Dexory ha presentado una nueva generación de su robot autónomo para almacenes junto con Storage Health, una función de software que usa visión artificial e IA para detectar riesgos físicos en las instalaciones. La combinación apunta a un problema muy concreto: muchos almacenes trabajan con una versión incompleta o desactualizada de lo que realmente ocurre en sus estanterías.

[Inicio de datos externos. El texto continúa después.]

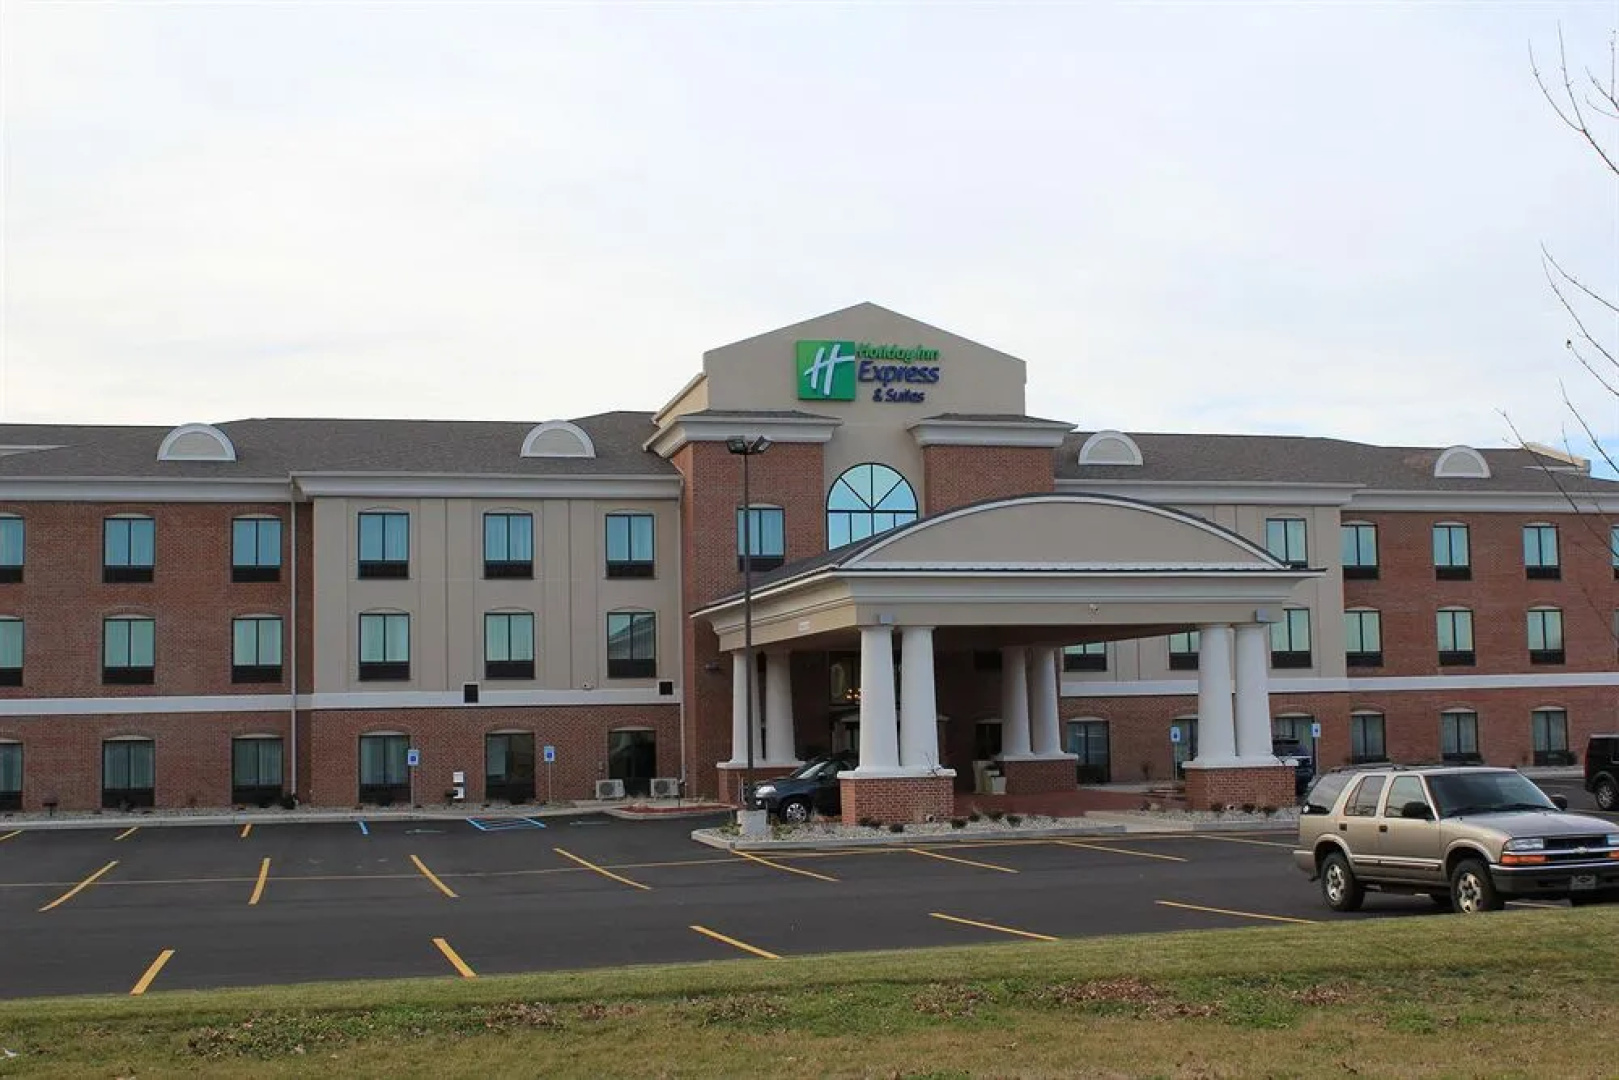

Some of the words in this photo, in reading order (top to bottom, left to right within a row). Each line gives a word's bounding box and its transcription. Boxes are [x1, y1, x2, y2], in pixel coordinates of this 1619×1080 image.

La propuesta de Dexory no es sustituir a los sistemas de gestión de almacén, sino alimentarles con una capa de realidad continua. Sus robots recorren las instalaciones, capturan datos visuales de alta frecuencia y actualizan el gemelo digital DexoryView para que el operador vea inventario, ocupación y anomalías con menos dependencia de auditorías manuales.
Más rango de escaneo y más tipos de almacenamiento
La mejora de hardware más clara está en el alcance. Dexory afirma que el nuevo robot amplía su rango de escaneo hasta 60 pies, frente a los 40 pies de la generación anterior. En la práctica, eso permite cubrir racks más altos o configuraciones más complejas sin multiplicar pasadas ni depender tanto de revisiones humanas.
El robot está pensado para moverse junto a personas y maquinaria sin interrumpir la operativa diaria. La compañía menciona escenarios como racks de distintas alturas, configuraciones doble profundidad, almacenamiento en bloque y zonas no rackeadas. Es una lista importante porque los almacenes reales rara vez son el entorno perfecto que aparece en las demos: mezclan formatos, excepciones, pasillos saturados y productos que cambian de sitio más rápido de lo que se actualizan los sistemas.
Dexory sostiene que clientes existentes han logrado hasta un 80% de reducción en tiempo de auditoría y un 20% de mejora en throughput. Son cifras de proveedor, así que conviene leerlas como referencia comercial y no como garantía universal. Aun así, el caso de uso tiene sentido: si el sistema sabe qué hay y dónde está con más frecuencia, se reducen búsquedas, recuentos y correcciones tardías.
Storage Health: inspeccionar lo que normalmente no se mira
La parte nueva de software, Storage Health, aprovecha las imágenes de alta resolución que el robot ya captura durante sus recorridos. En lugar de limitarse al inventario, el sistema analiza riesgos de seguridad, higiene y control de stock.
Dexory cita ejemplos muy físicos: racks dañados, palets defectuosos, mercancía inestable, film colgando, palets vacíos mal colocados o productos aplastados. Son problemas pequeños hasta que dejan de serlo: pueden causar accidentes, incendios, contaminación, pérdidas de inventario o retrabajo.
Lo relevante es que muchos de esos riesgos aparecen en niveles altos o en zonas profundas donde las inspecciones manuales son poco frecuentes. Un operario puede detectar lo evidente a ras de suelo; un robot que escanea de forma sistemática puede encontrar patrones antes de que se conviertan en incidencia.
Robótica logística menos vistosa, pero más útil
Dexory juega en una categoría menos espectacular que la de los humanoides de almacén. Su robot no promete coger cualquier objeto ni reemplazar a un equipo completo. Hace algo más acotado: convertir un espacio físico cambiante en datos fiables.
Esa especialización es precisamente su fortaleza. Muchos almacenes no necesitan primero un robot que manipule cajas, sino saber con precisión qué está pasando en miles de ubicaciones. La automatización de picking o transporte falla si parte de una realidad incorrecta.
La nueva generación del robot y Storage Health refuerzan esa idea: la robótica logística madura no siempre consiste en mover más rápido, sino en ver mejor. Si Dexory consigue que esa visibilidad sea continua, fiable y fácil de integrar, puede convertirse en una capa básica para decisiones operativas que hoy siguen dependiendo demasiado de inspecciones puntuales y suposiciones.